--- DATA IN THIS EXERCISE ---

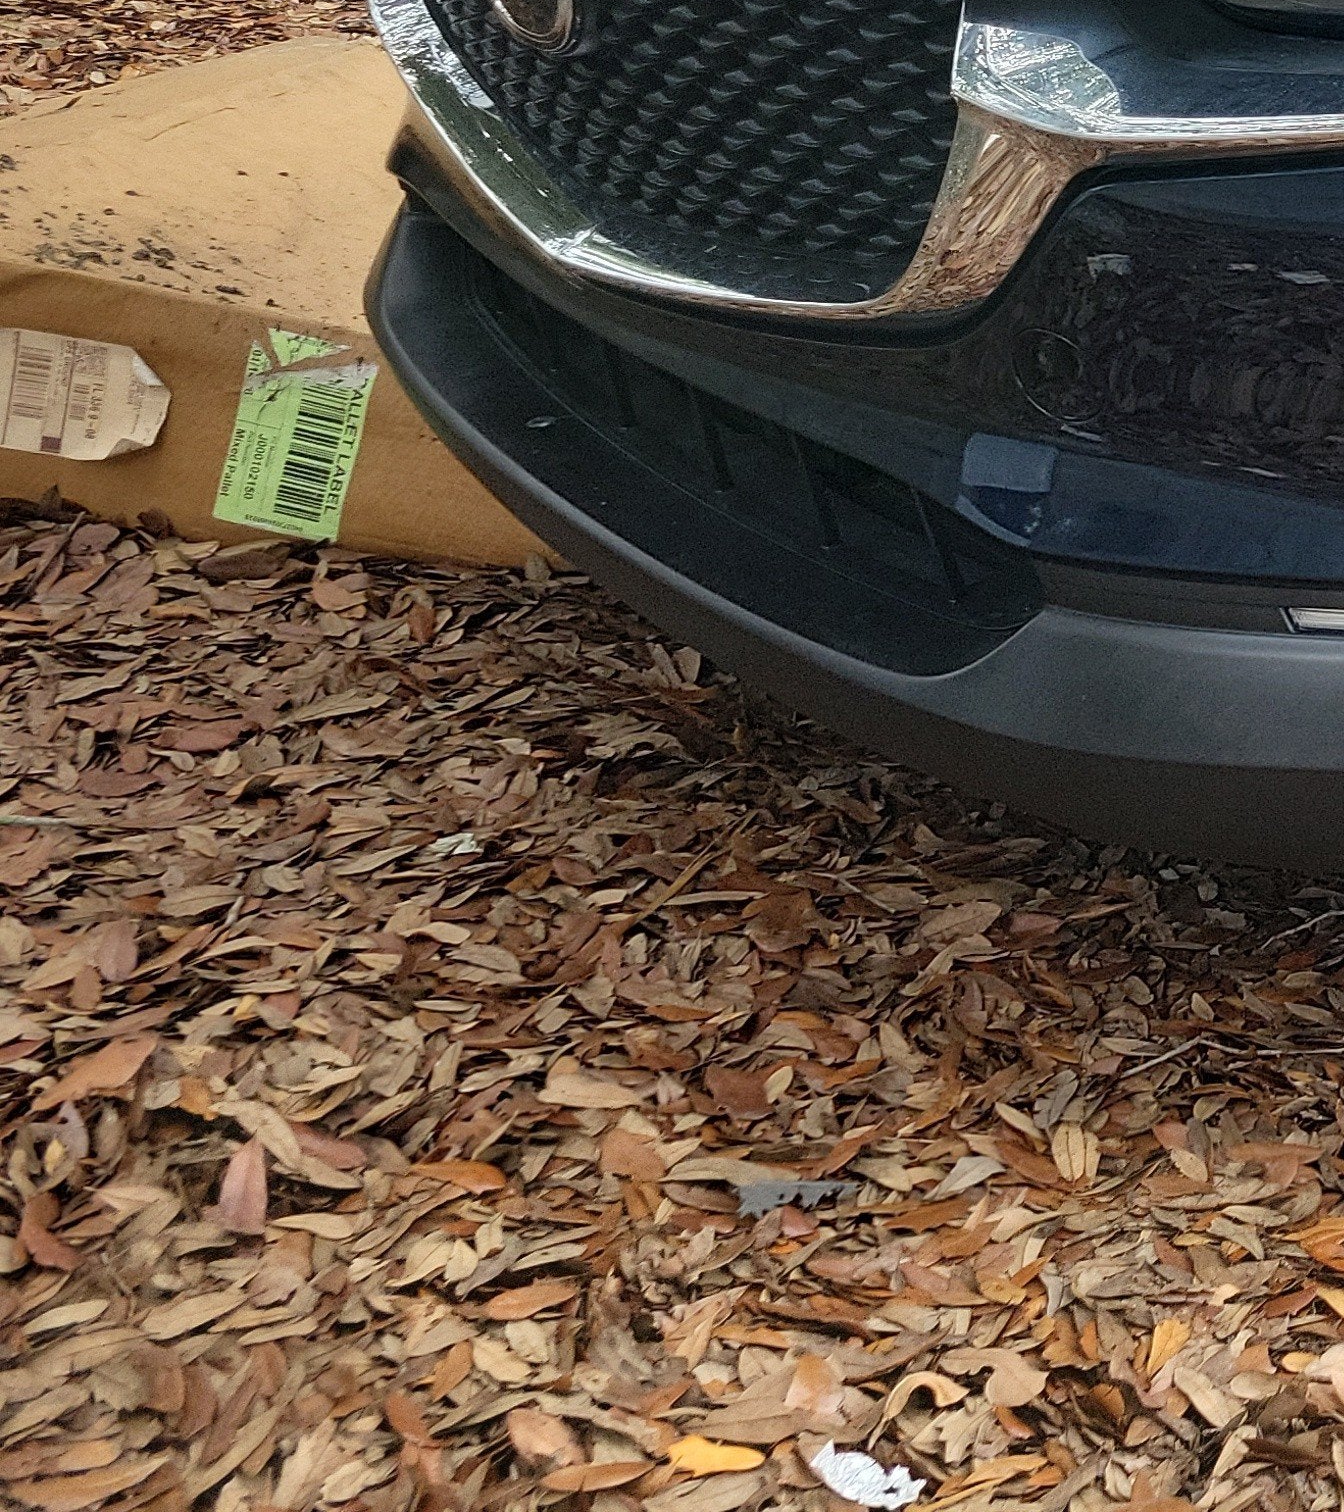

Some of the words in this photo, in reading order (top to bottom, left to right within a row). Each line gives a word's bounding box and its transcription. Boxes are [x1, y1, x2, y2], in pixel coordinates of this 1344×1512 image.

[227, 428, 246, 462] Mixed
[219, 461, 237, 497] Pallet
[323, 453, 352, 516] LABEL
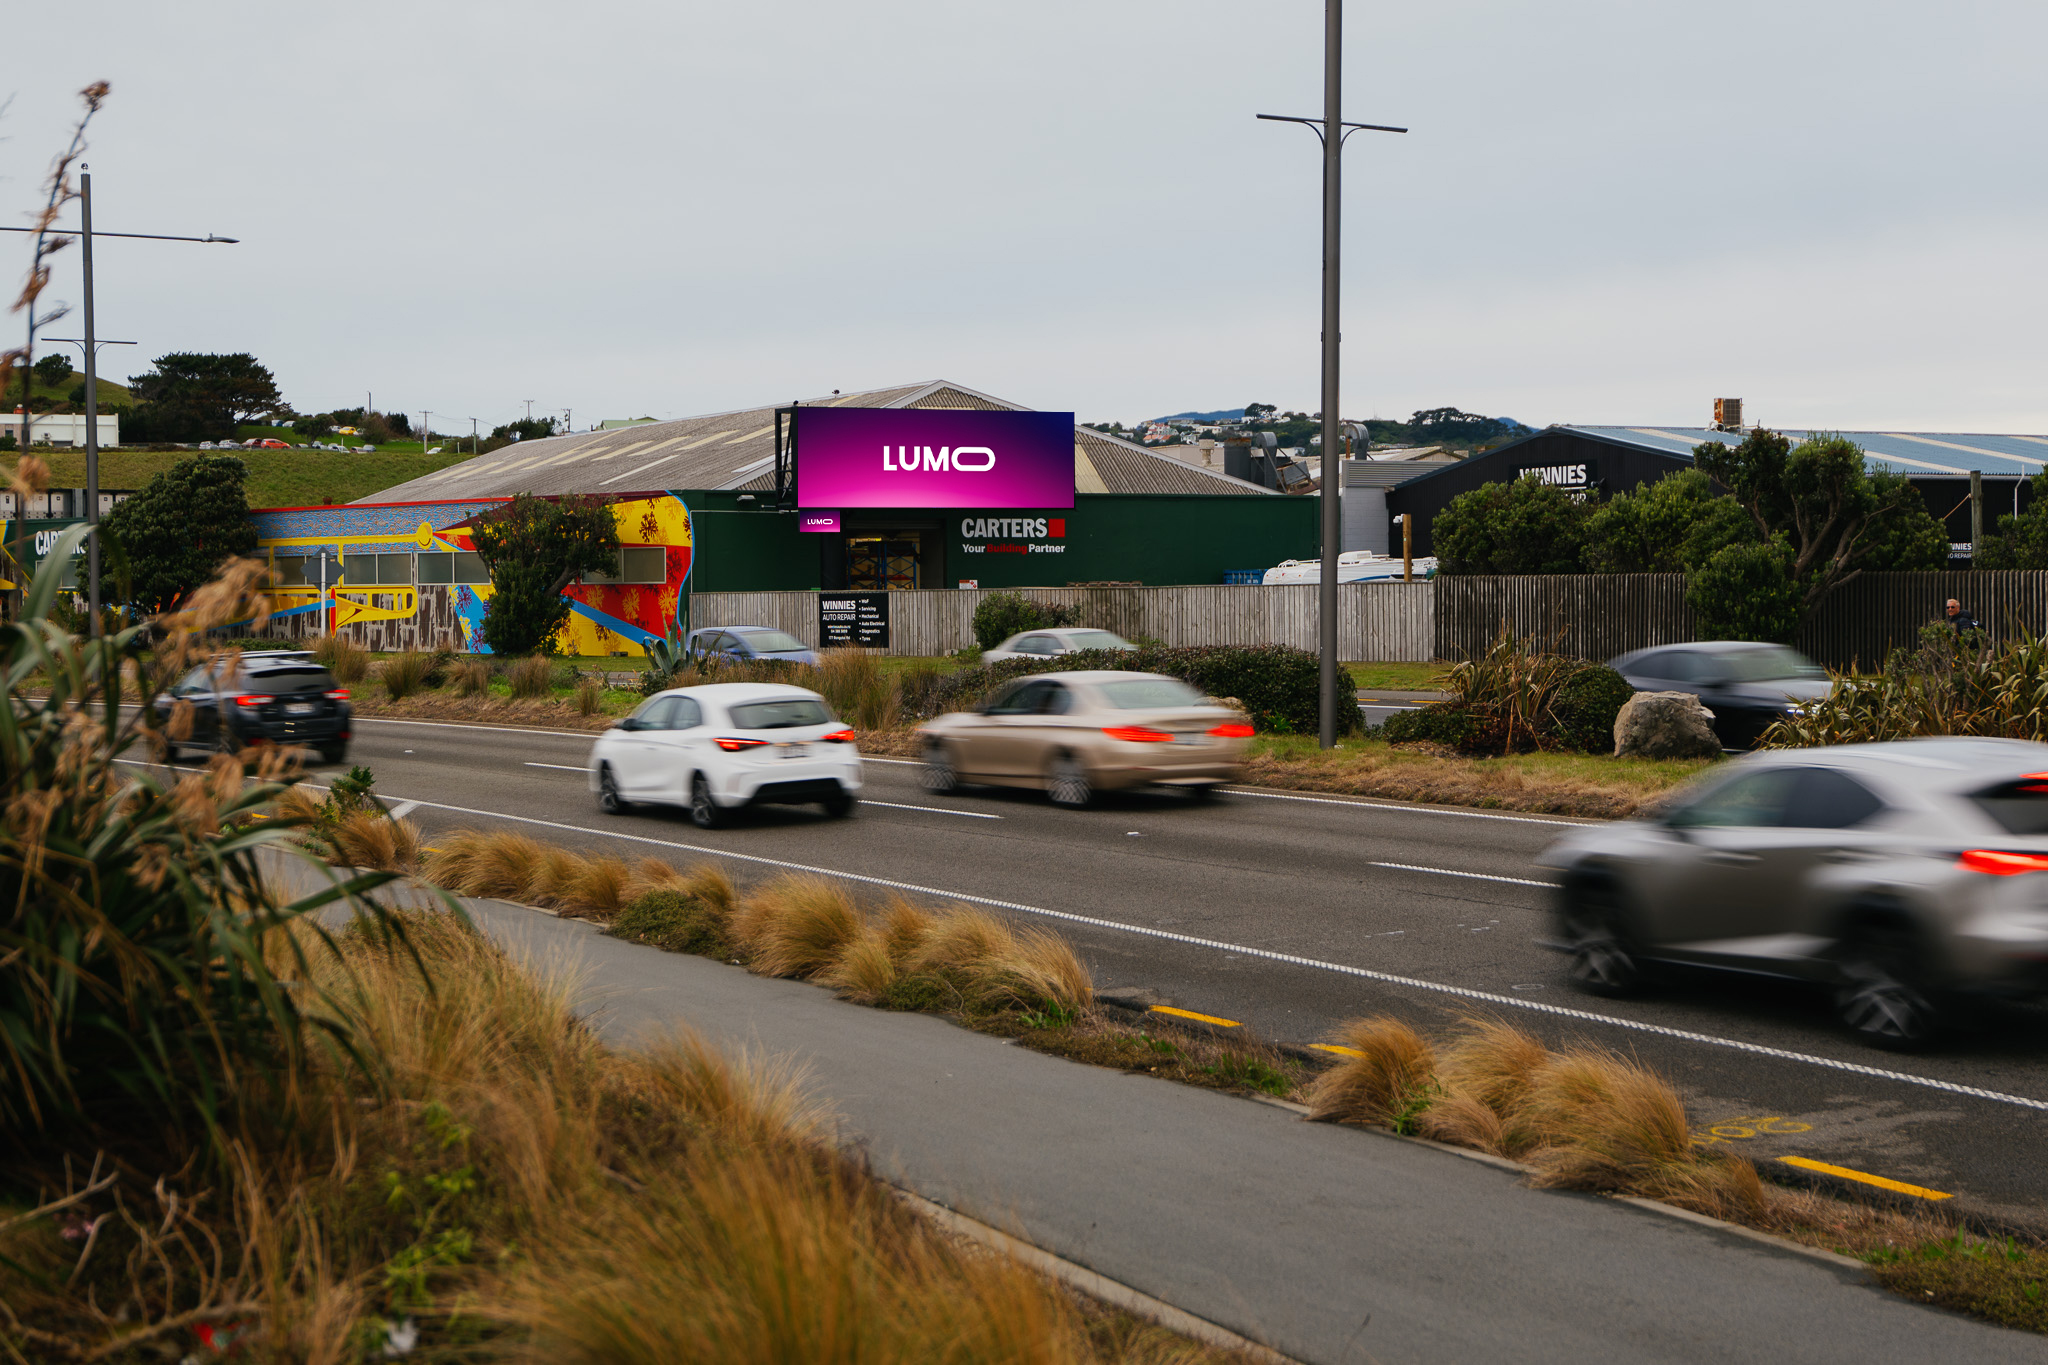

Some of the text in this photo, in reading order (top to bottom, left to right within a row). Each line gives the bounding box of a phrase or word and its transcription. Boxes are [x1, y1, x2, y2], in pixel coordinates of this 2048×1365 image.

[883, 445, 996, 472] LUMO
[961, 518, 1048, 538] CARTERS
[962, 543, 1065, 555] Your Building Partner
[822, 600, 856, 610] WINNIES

---

» **YOUR TASK**:
Pictures should be skipped, and the records retyped word for word.

» **RESPONSE**:
Some of the words in this photo, in reading order (top to bottom, left to right within a row). Each line gives a word's bounding box and its transcription. Boxes are [x1, y1, x2, y2], in pixel coordinates of this 1344×1512 image.

[227, 428, 246, 462] Mixed
[219, 461, 237, 497] Pallet
[323, 453, 352, 516] LABEL

Some of the text in this photo, in reading order (top to bottom, left to right within a row). Each line gives the bounding box of a phrase or word and its transcription. Boxes are [x1, y1, x2, y2], in pixel coordinates of this 2048×1365 image.

[883, 445, 996, 472] LUMO
[961, 518, 1048, 538] CARTERS
[962, 543, 1065, 555] Your Building Partner
[822, 600, 856, 610] WINNIES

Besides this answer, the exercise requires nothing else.